A hashtable contains an array of bucket indexes. Buckets are nodes in a linked list, each containing a void * key and value. During hash creation the types of key and value as well as appropriate compare and hashing functions can be set.

This hash implementation uses just one piece of malloced memory. The hash-bu> union points into this regions. At positive indices are bucket pointers, at negative indices is the bucket store itself.

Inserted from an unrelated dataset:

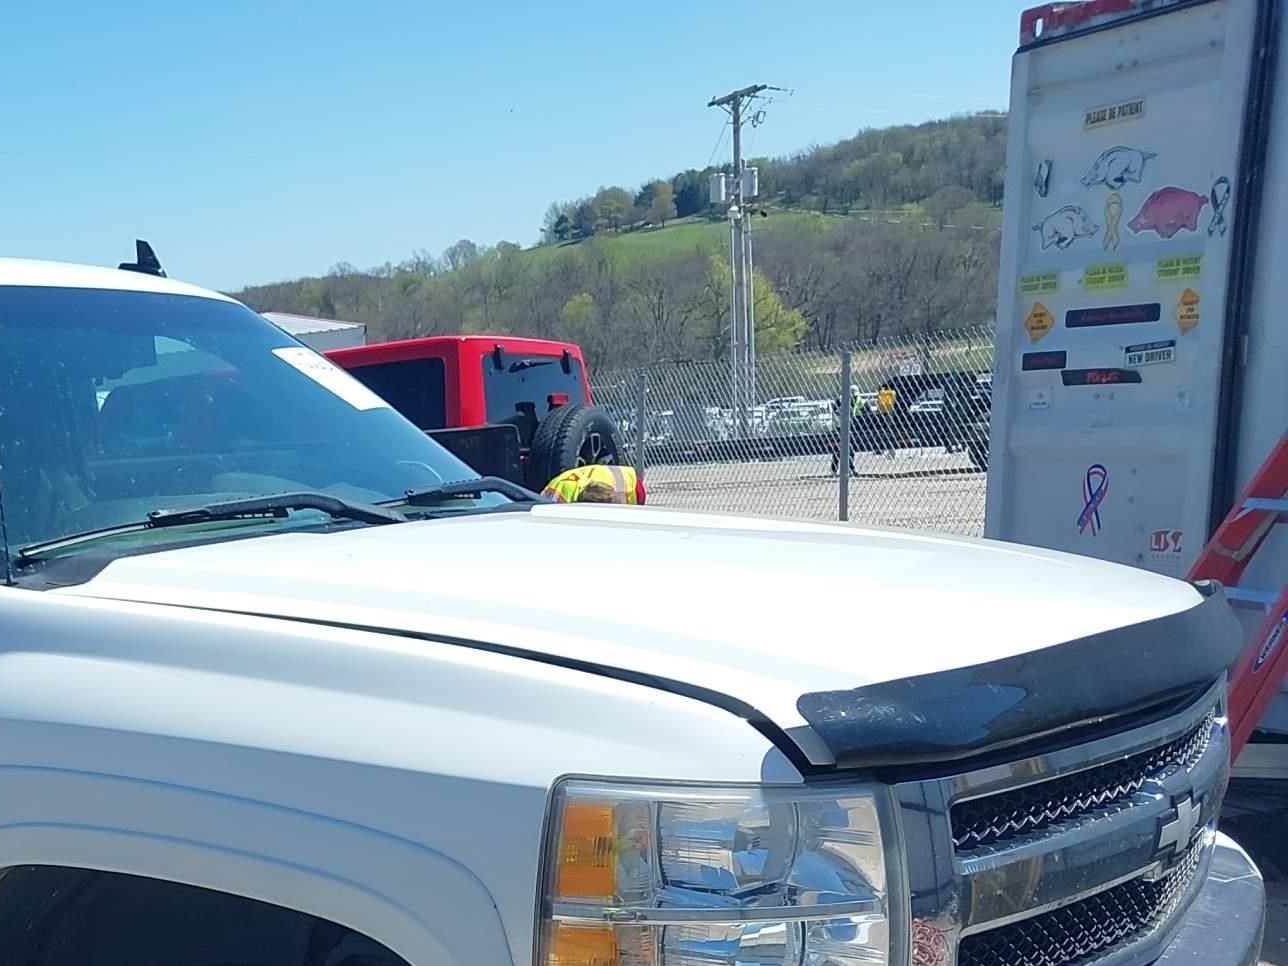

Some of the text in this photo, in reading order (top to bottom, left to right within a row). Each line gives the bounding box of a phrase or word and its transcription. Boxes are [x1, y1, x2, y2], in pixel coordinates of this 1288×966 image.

[1118, 101, 1144, 118] PATIENT
[1128, 349, 1172, 365] NEW DRIVER
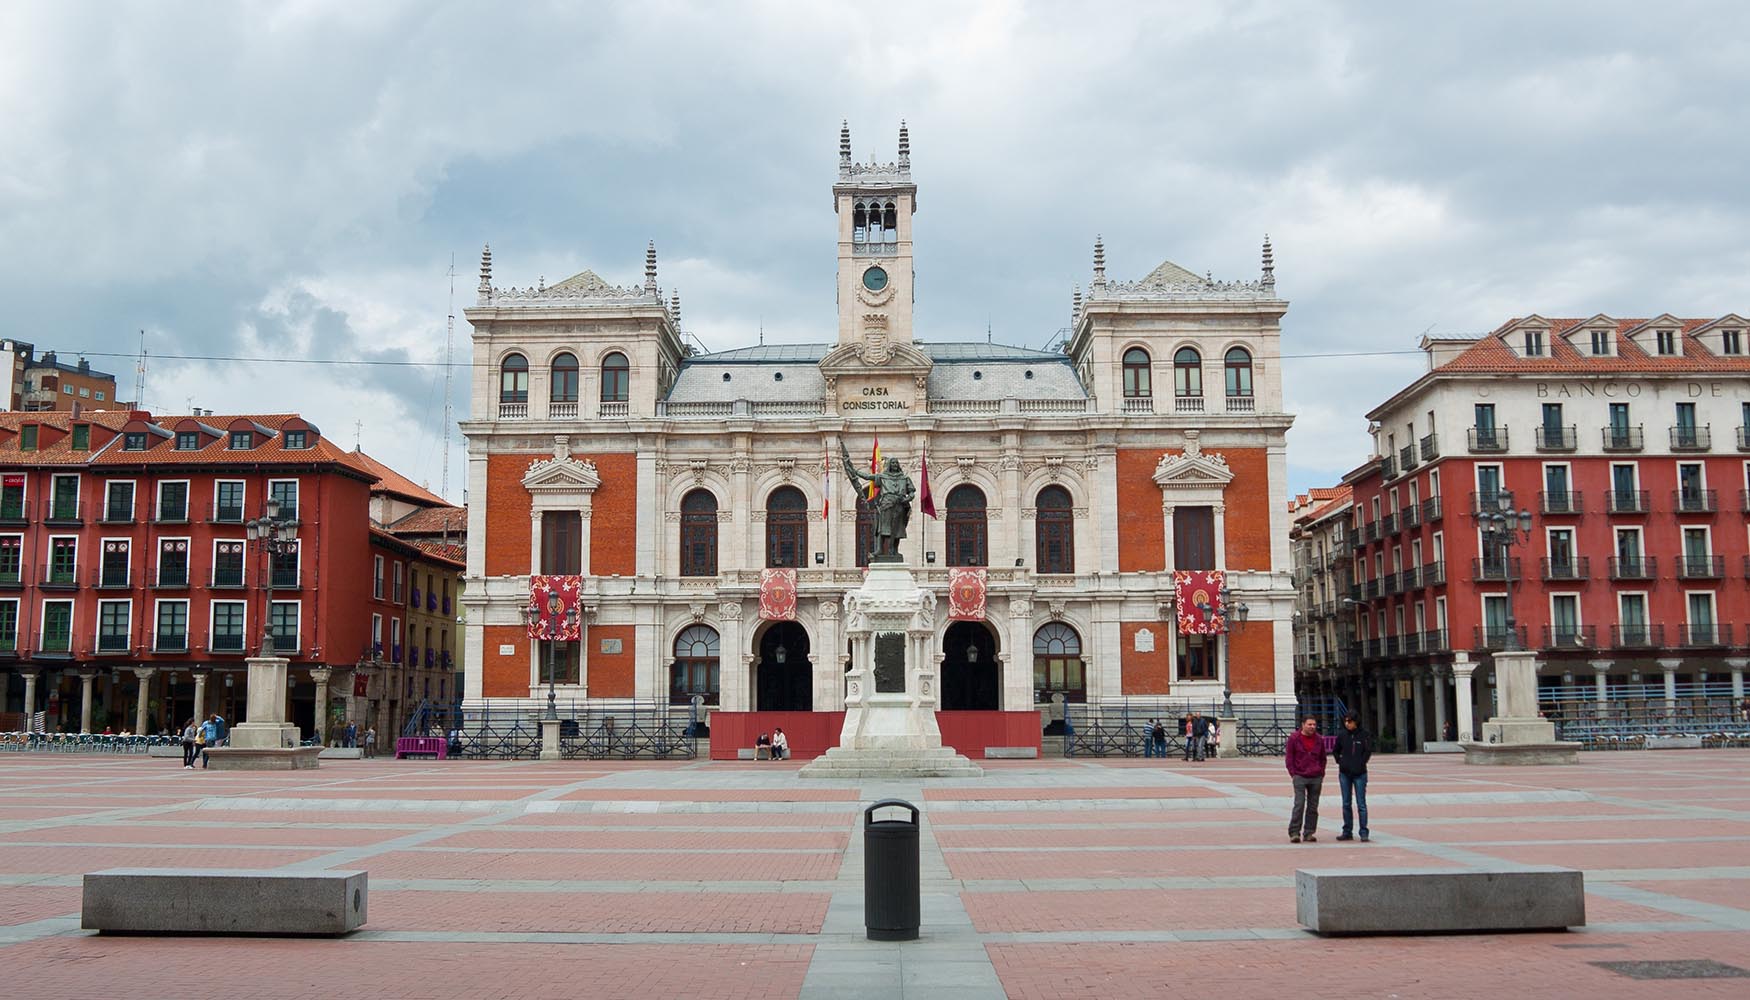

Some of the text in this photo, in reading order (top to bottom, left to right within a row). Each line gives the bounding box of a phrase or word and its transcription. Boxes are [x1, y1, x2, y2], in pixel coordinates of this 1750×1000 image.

This hash doesn't move during GC, therefore a lot of the old caveats don't apply.

Functions

static size_t key_hash_STRING(Interp *interpreter, void *value, size_t seed): Return the hashed value of the key value.
static int STRING_compare(Parrot_Interp interp, void *a, void *b): Compares the two strings, return 0 if they are identical.; a is the search key, b is the bucket key.
static size_t key_hash_cstring(Interp *interpreter, void *value, size_t seed)
static int cstring_compare(Parrot_Interp interp, void *a, void *b): C string versions of the key_hash and compare functions.
static size_t key_hash_int(Interp *interp, void *value, size_t seed)
static int int_compare(Parrot_Interp interp, void *a, void *b): Custom key_hash and compare functions.
void dump_hash(Interp *interpreter, Hash *hash): Print out the hash in human-readable form.
void mark_hash(Interp *interpreter, Hash *hash): Marks the hash and its contents as live.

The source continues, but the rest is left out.